Through Alice Glass Darkly

by Larry Smith

“I’ve not gone that far before.”

She saw the light in his eyes. It was the light of the lover’s triumph, the sort she’d come to adore. The moment she said it, the awesome power she angled for passed right through her. It was all around the room. She thrilled at this power in him, which was all for her. It made him so happy, and she knew how to conjure it. She loved it more than anything else in life.

“No one ever came in your mouth before?” When she shook her head, with the studied timidity she knew men found attractive, he smiled intently, all the more intently because he didn’t part his lips at all. Because of her, he would walk home the next day in the early morning autumn drizzle alive with the sense of nonpareil conquest. The October light churned inside him. Elated, he’d greet each passer-by with a hello. The world is yours, Mark Fargus.

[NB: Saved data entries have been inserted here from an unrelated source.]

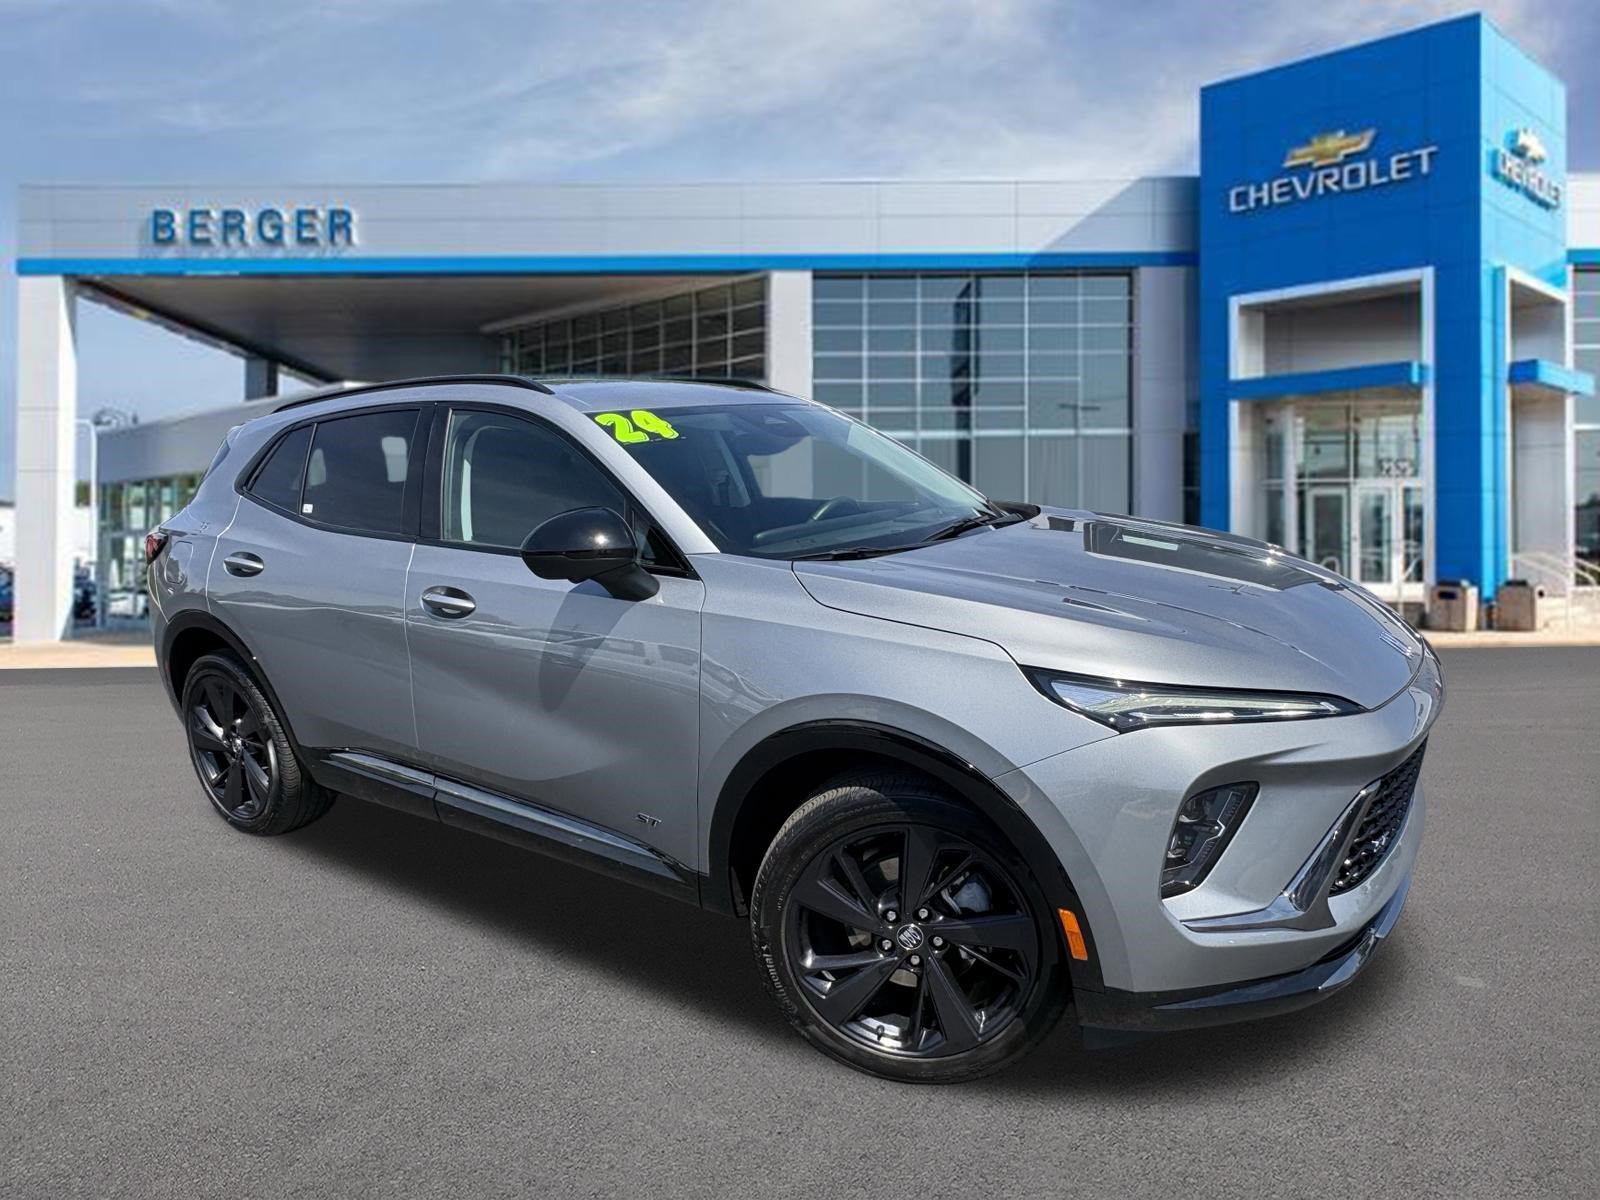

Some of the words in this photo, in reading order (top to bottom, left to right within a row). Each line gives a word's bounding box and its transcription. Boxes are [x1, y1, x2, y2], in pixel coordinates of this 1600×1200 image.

[1229, 146, 1438, 213] CHEVROLET
[152, 208, 354, 246] BERGER
[594, 409, 679, 443] 24
[636, 812, 662, 827] ST
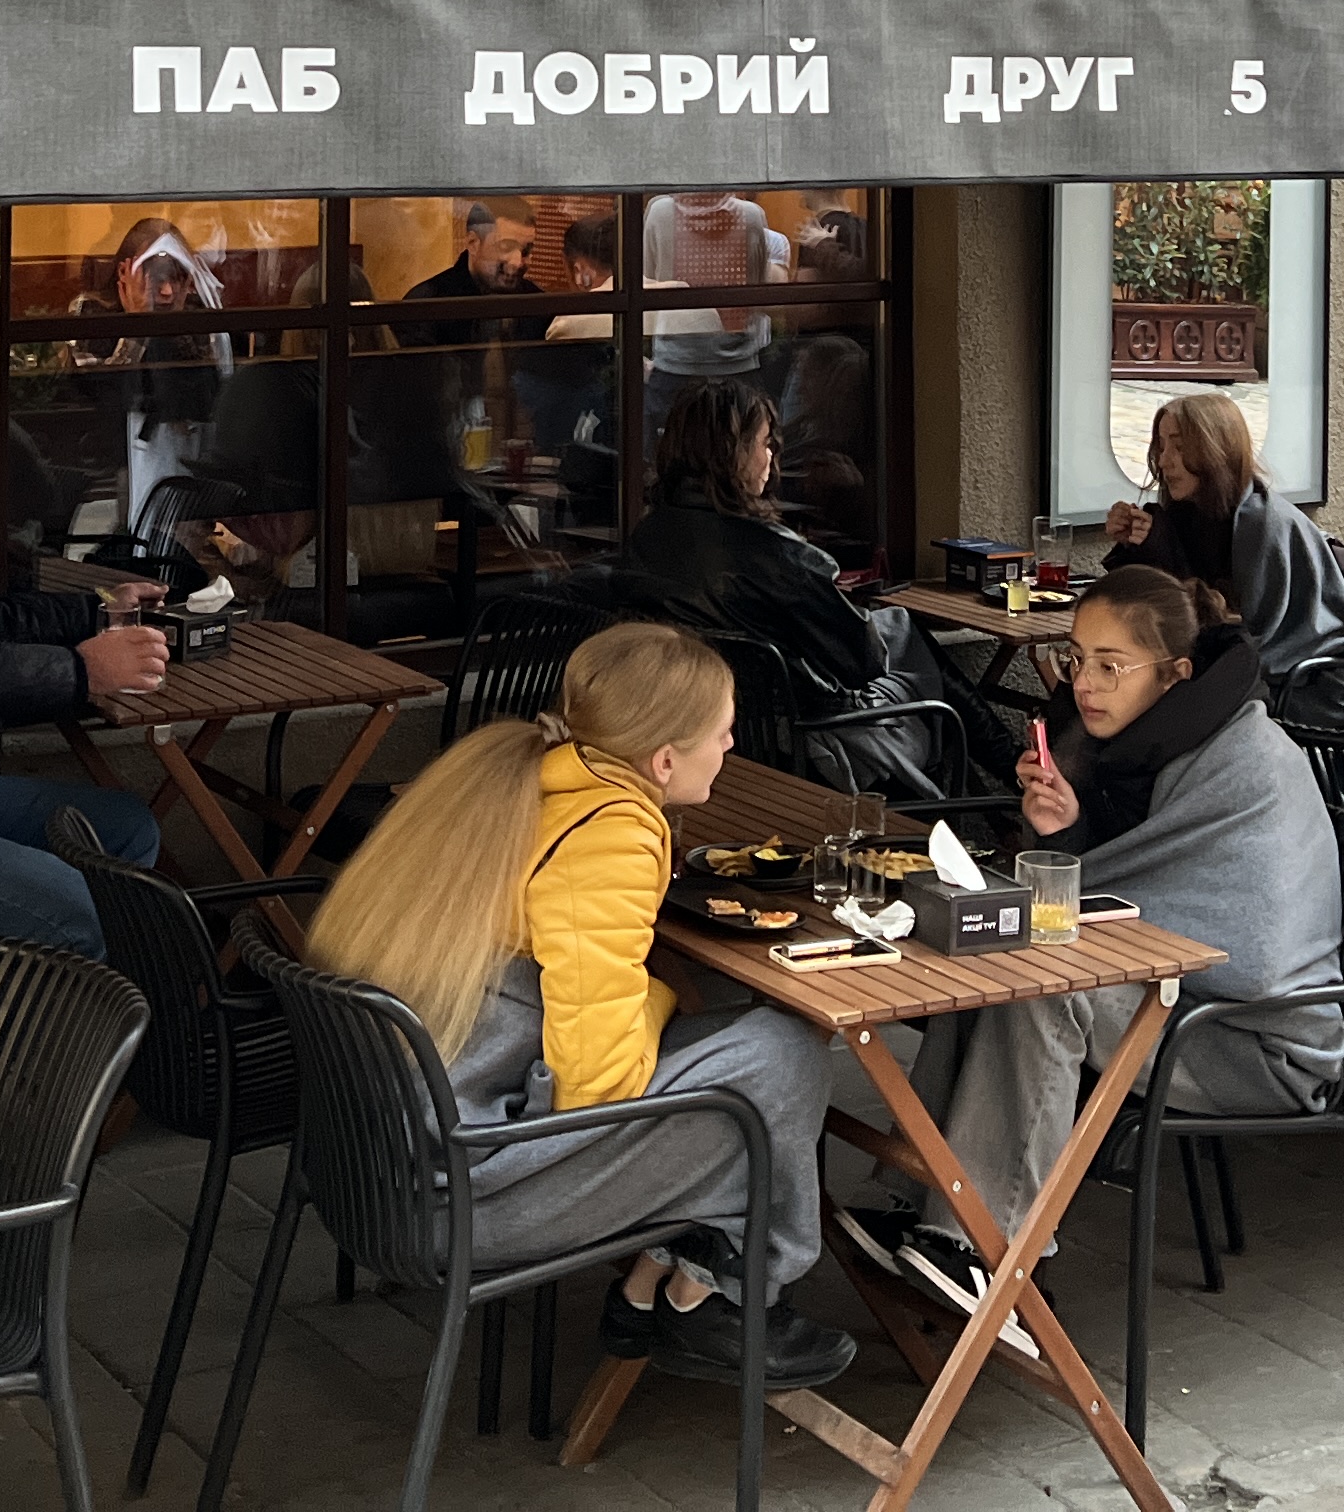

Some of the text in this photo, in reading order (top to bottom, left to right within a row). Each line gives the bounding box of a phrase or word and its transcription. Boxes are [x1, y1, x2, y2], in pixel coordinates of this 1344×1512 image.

[132, 46, 340, 113] ПАБ
[464, 37, 830, 126] ДОБРИЙ
[943, 56, 1134, 124] ДРУГ
[1230, 60, 1267, 114] 5

Alice Glass was demure, diminutive, nearly exquisite. Her eyes really were green. She had lovely thin lips. Naked, when she’d admire her puckered blood-red nipples in the mirror, she imagined the joy of men seeing them for the first time. How sweet to the suck they must be! Alice walked on girlish little chicken legs. Her back tapered smoothly to her bum. Sometimes, she cropped her dark blond hair. Other times, she put it up in a bun like a schoolmarm’s. She knew how men exalt to make a schoolmarm moan. Howling was the gift she gave the men she wanted happy. Alice was not an eye catcher in the sense that strangers stared at her on the street. But men who spent time with her, and got to know her, or just spent an extra moment or two to look at her, realized how beautiful she was.

Jack Rutter, aroused with love in the April bloom, thought it extraordinary to have his thing in her mouth. When he finished up, he marveled at the daisy-like loveliness of the face he had dumped in. It was beauty itself, like an abstraction, the very definition of loveliness and beauty that he’d penetrated. Jack was intelligent enough to recognize abstraction when he saw it and he savored it accordingly. But it was when she bowed her head and smiled, and said, “I must tell you, I’ve not gone that far before,” that his very self hovering above her expanded like a bellows.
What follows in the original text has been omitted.